I tell thee what I would have thee do . . .
 
He sat in the church office, hearing rain peck the windowpanes like chickens after corn, and read from a sermon of Charles Spurgeon, delivered at Newington on March 9, 1873.
 
Go to Him without fear or trembling; ere yon sun goes down and ends this day of mercy, go and tell Him thou hast broken the Father’s laws—tell Him that thou art lost, and thou needest to be saved; tell Him that He is a man, and appeal to His manly heart, and to His brotherly sympathies.
Pour out thy broken heart at His feet: let thy soul flow over in His presence, and I tell thee He cannot cast thee away . . .
 
He jotted in his sermon notebook:
Not that He
will
not turn a deaf ear, but that He c
annot
. Press this truth.
Spurgeon had put into a nutshell what he wanted to preach on Sunday to the body at St. John’s.
 
. . . though thy prayer be feeble as the spark in the flax, He will not quench it; and though thy heart be bruised like a reed, He will not break it.
May the Holy Spirit bless you with a desire to go to God through Jesus Christ; and encourage you to do so by showing that He is meek and lowly of heart, gentle, and tender, full of pity.
 
Bottom line, he would tell his congregation what Nike had told the world:
Just do it.
 
He finished typing up the pew bulletin and rang the hospital. Janette was down the hall. “Tell her I’ll be there tomorrow,” he said to the nurse. “Tell her Jonathan’s having a wonderful time.”
He fished the umbrella from the stand by the downstairs door and prepared to head into the downpour.
“Father Kavanagh, is that you?”
He spun around. “Good heavens!”
“I frightened you, Father, I’m sorry as can be!”
“Mercy!” he said, not knowing what else to say. A tall, thin, stooped woman in a dripping hat and raincoat stood before him, her glasses sliding off her wet nose.
“I came in through the front door and couldn’t find a soul, so I helped myself to these stairs. I’m Ella Bridgewater, come to audition!”
He was addled. “But I thought tomorrow . . .”

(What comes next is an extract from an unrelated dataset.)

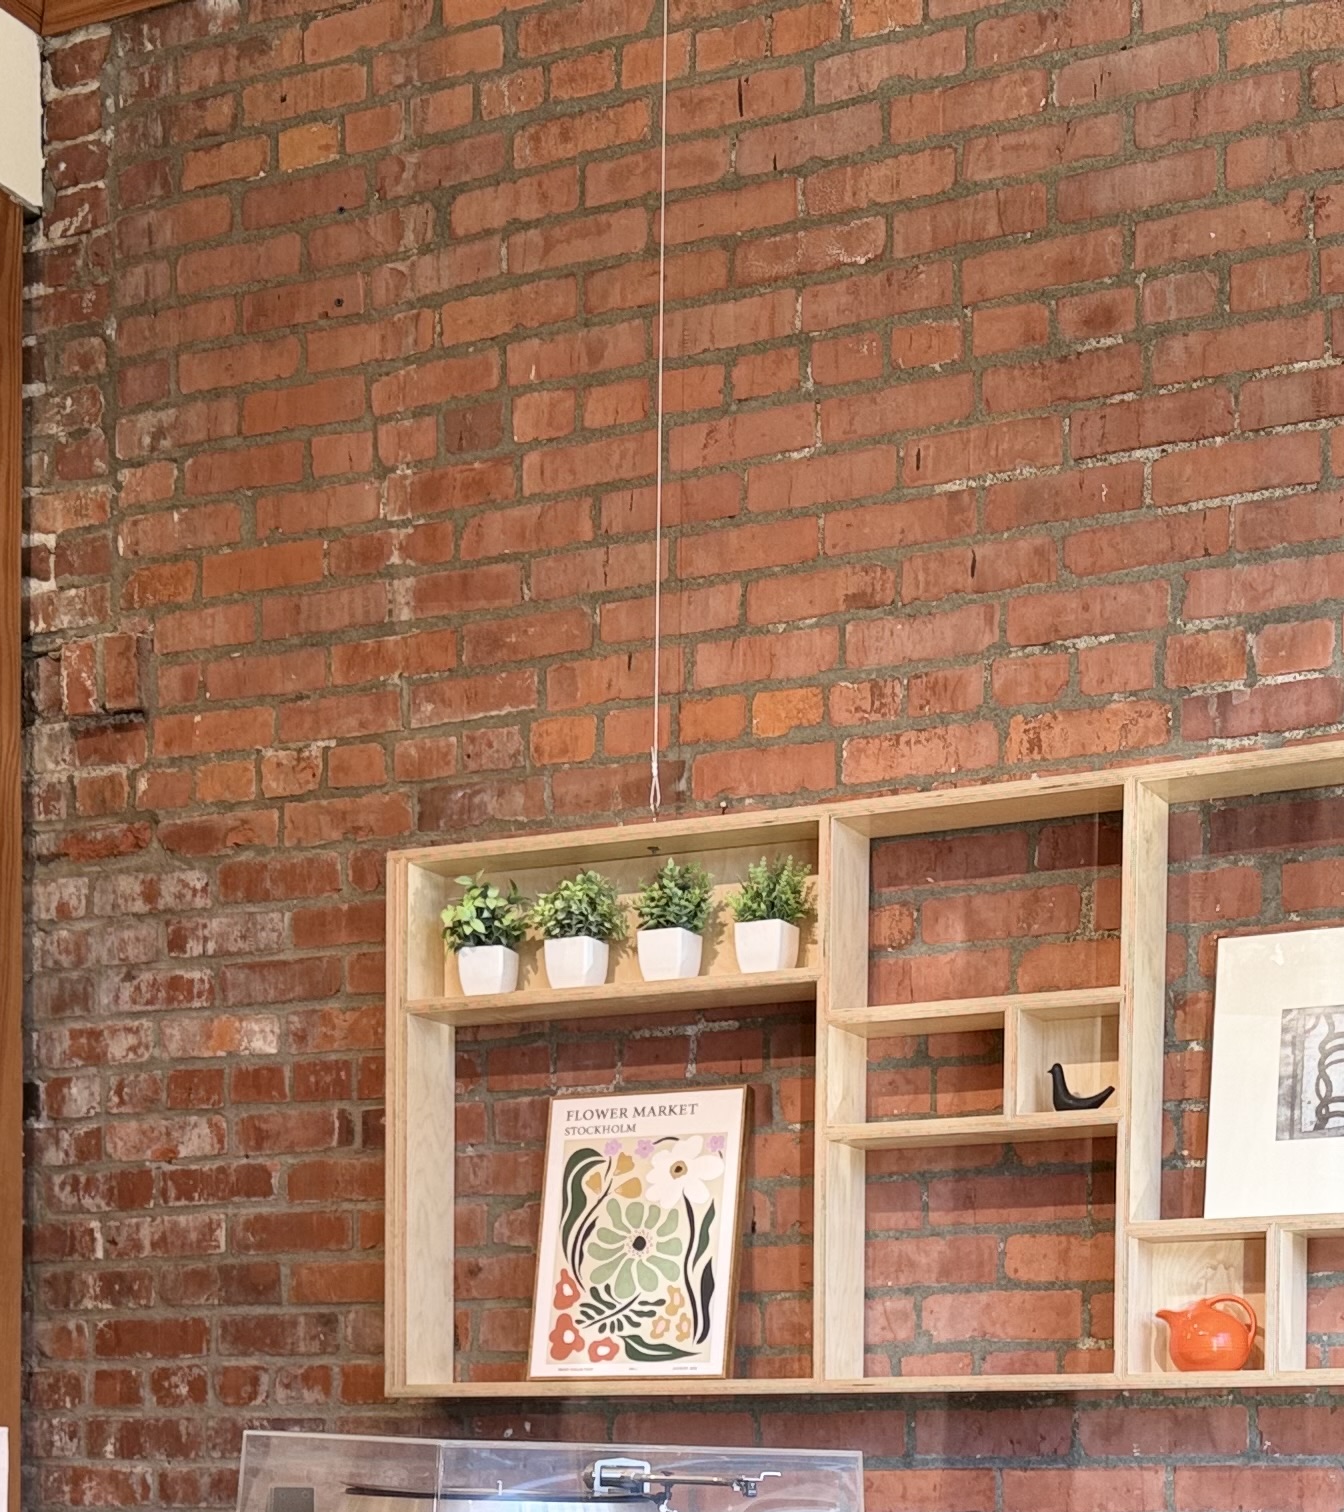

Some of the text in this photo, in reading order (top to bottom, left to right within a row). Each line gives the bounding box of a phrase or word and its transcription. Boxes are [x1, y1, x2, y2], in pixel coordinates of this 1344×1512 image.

“I wrote down today in my appointment book, Father, I am very precise about such things, and besides, I couldn’t have done it tomorrow, for I’m going across to my niece. I always do that on Saturday, so I would never have—”
“Of course. My mistake, I’m sure.” He was very precise about such things, as well. But why quibble?
“Well, Miss Bridgewater, glad to see you!” He took her wet hand and shook it heartily, noting that she appeared considerably older than her letter had stated.
She patted her chest. “I have the music under my coat!”
“Excellent. We’ll just pop upstairs and have at it. Thanks for coming out in the deluge.”
He followed her up the stairs to the sacristy. She was certainly agile, he thought.
“I’ve always loved this church, Father. I think I wrote in my letter to you that I played for yoked parishes for many years in these islands.”
“Yes. Wonderful!”
“So I certainly know the churches in these parts, though I never stepped foot in St. John’s ’til this day.” She looked around the sanctuary and nave with some wonder.
“You don’t mean it!”
“Not once. Too busy playing elsewhere!”
“I wish you could see it in the sunlight, the way the stained glass pours color into the nave.”
Wiry gray curls sprung up as she removed her rain hat. “I believe I
will
see it in the sunlight!”
Mighty perky lady, he thought. And seventy if she was a day. Her letter, however, had said sixty-two, and added “in vibrant good health.”
“There’s the choir loft, as you can see. I believe you’ll find our old Hammond in fine working order. Well, then, let me help you off with your coat, and you can pop up the stairs there. Would you like a cup of coffee? Or tea? Won’t take but a moment.”
“No, thank you, Father, I’m ready to get on with it. I’ve been practicing like all get-out for days—you know they say if you fail to prepare, you prepare to fail.”
“Perfect line for a wayside pulpit!”
“That’s where I got it,” she said, with a burst of laughter. “Well, here goes.”
She walked briskly up the aisle, clutching her manila envelope, and made short work of the stairs to the loft.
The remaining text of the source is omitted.